INFORMATION START
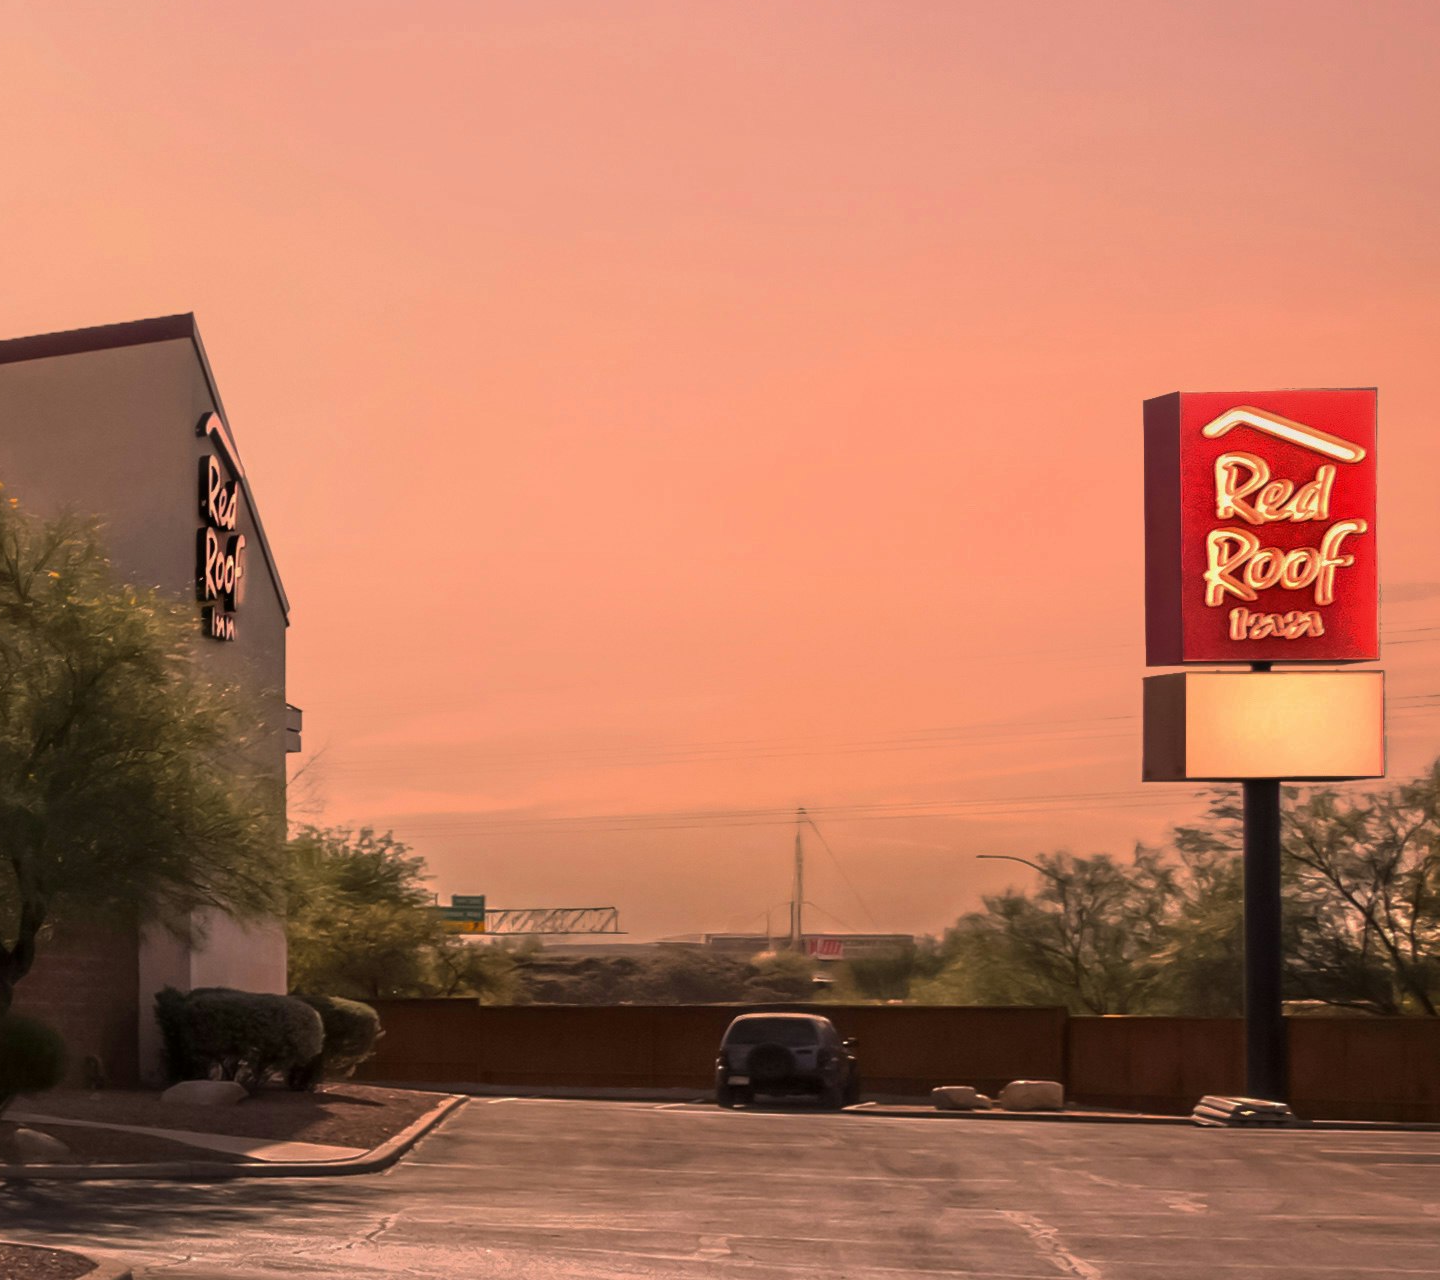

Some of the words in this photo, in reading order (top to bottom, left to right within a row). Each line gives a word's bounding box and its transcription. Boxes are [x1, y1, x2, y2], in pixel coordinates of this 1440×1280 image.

[205, 455, 239, 530] Red
[1214, 451, 1336, 524] Red
[201, 526, 246, 610] Roof
[1203, 519, 1368, 607] Roof
[208, 606, 236, 641] Inn
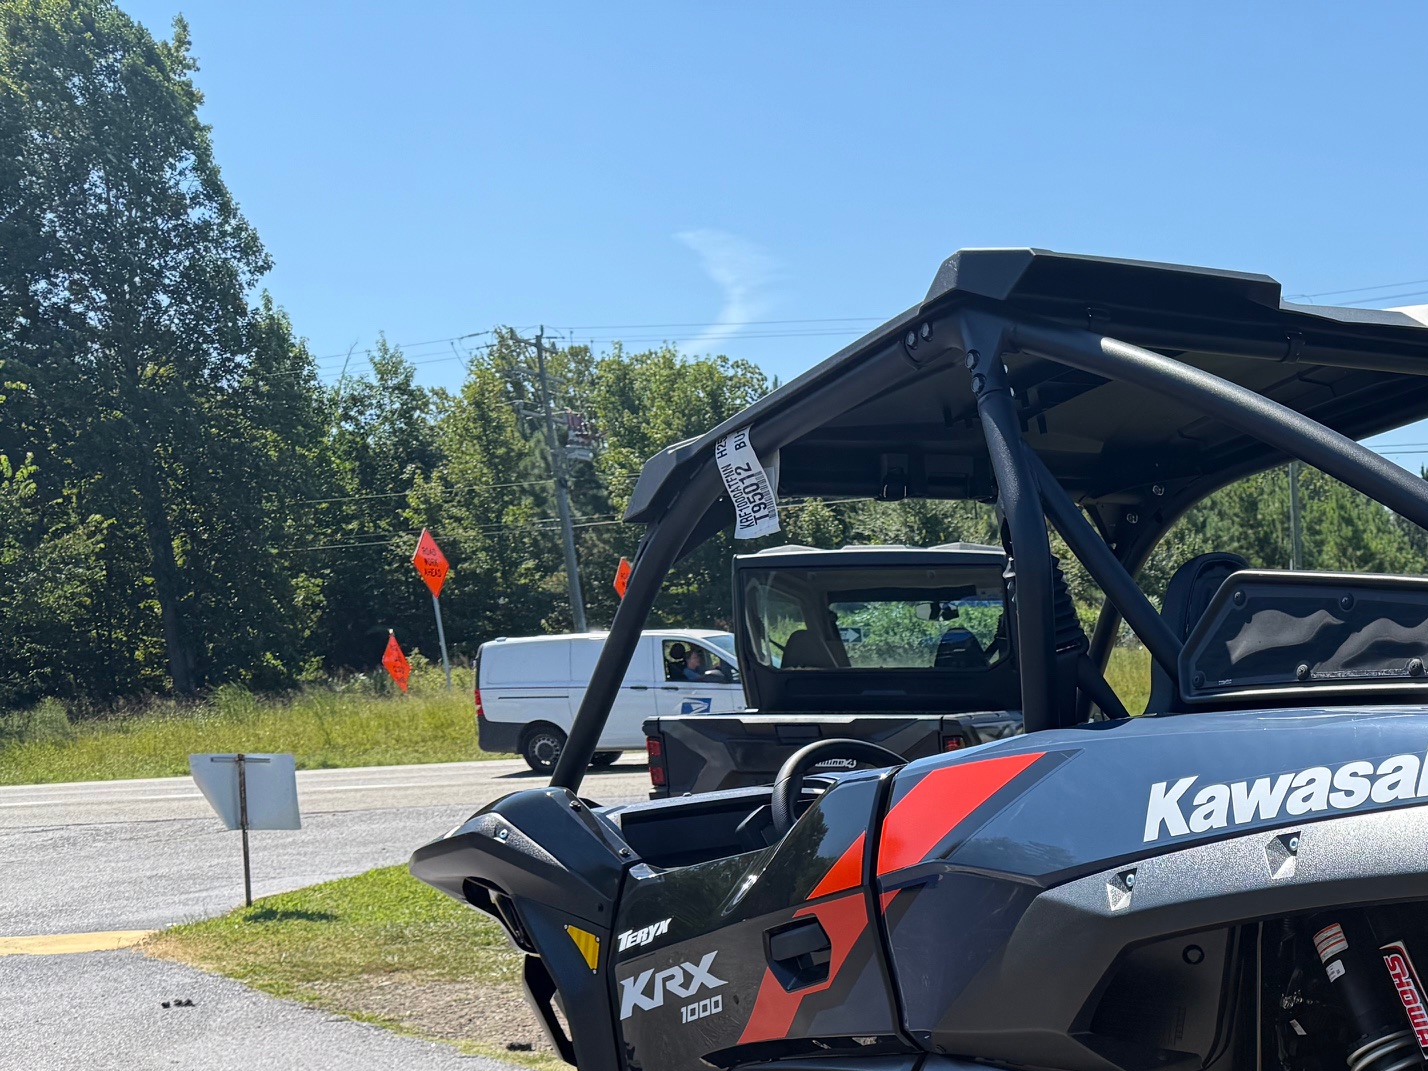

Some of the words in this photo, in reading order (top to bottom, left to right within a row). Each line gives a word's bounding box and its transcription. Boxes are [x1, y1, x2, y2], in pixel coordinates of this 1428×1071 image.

[734, 462, 770, 526] T95012
[619, 950, 729, 1021] KRX
[680, 994, 723, 1024] 1000
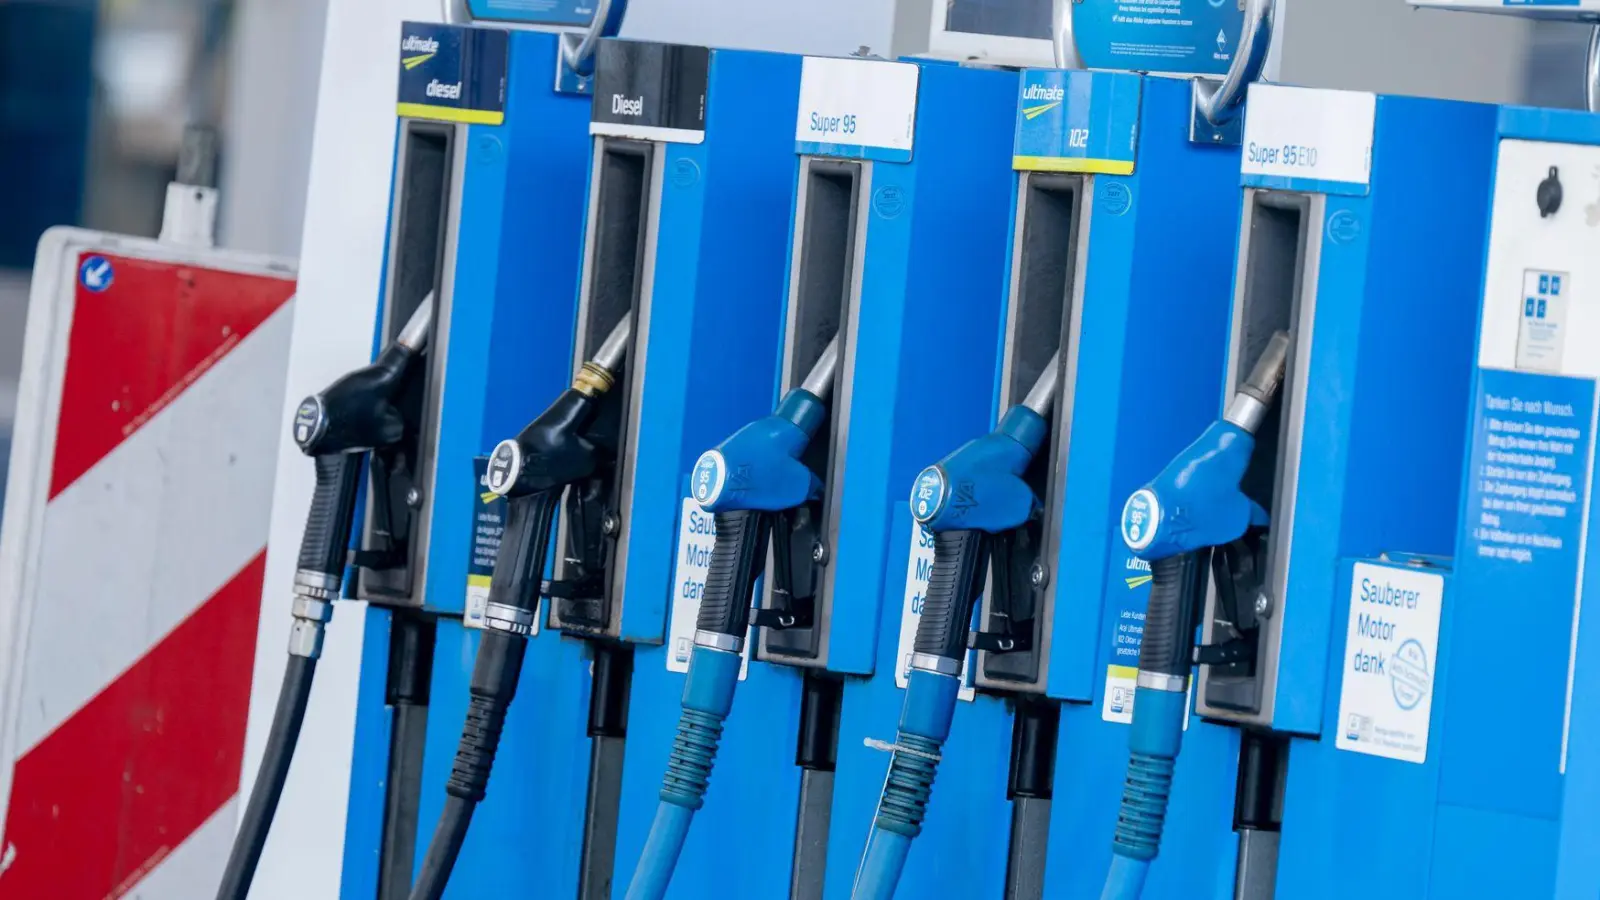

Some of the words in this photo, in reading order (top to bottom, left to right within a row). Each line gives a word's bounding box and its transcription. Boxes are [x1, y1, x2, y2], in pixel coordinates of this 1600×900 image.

[402, 35, 439, 54] ultimate
[426, 79, 461, 100] diesel
[1023, 84, 1064, 101] ultimate
[612, 94, 643, 116] Diesel
[810, 112, 840, 136] Super
[843, 115, 857, 134] 95
[1069, 129, 1089, 148] 102
[1248, 142, 1279, 168] Super
[1282, 145, 1297, 165] 95
[700, 470, 711, 483] 95
[918, 487, 934, 500] 102
[683, 576, 704, 599] dan
[1361, 578, 1420, 610] Sauberer
[1357, 612, 1396, 642] Motor
[1354, 648, 1385, 675] dank
INFORMATION END
■ EXERCISE OBJECTIVE
Write out only those lines of the entries that lie between the line containing "this 1600×900 image." and the last line, inclusive, reproducing them exactly.

■ RESPONSE FOR THIS EXERCISE
Some of the words in this photo, in reading order (top to bottom, left to right within a row). Each line gives a word's bounding box and its transcription. Boxes are [x1, y1, x2, y2], in pixel coordinates of this 1600×900 image.

[402, 35, 439, 54] ultimate
[426, 79, 461, 100] diesel
[1023, 84, 1064, 101] ultimate
[612, 94, 643, 116] Diesel
[810, 112, 840, 136] Super
[843, 115, 857, 134] 95
[1069, 129, 1089, 148] 102
[1248, 142, 1279, 168] Super
[1282, 145, 1297, 165] 95
[700, 470, 711, 483] 95
[918, 487, 934, 500] 102
[683, 576, 704, 599] dan
[1361, 578, 1420, 610] Sauberer
[1357, 612, 1396, 642] Motor
[1354, 648, 1385, 675] dank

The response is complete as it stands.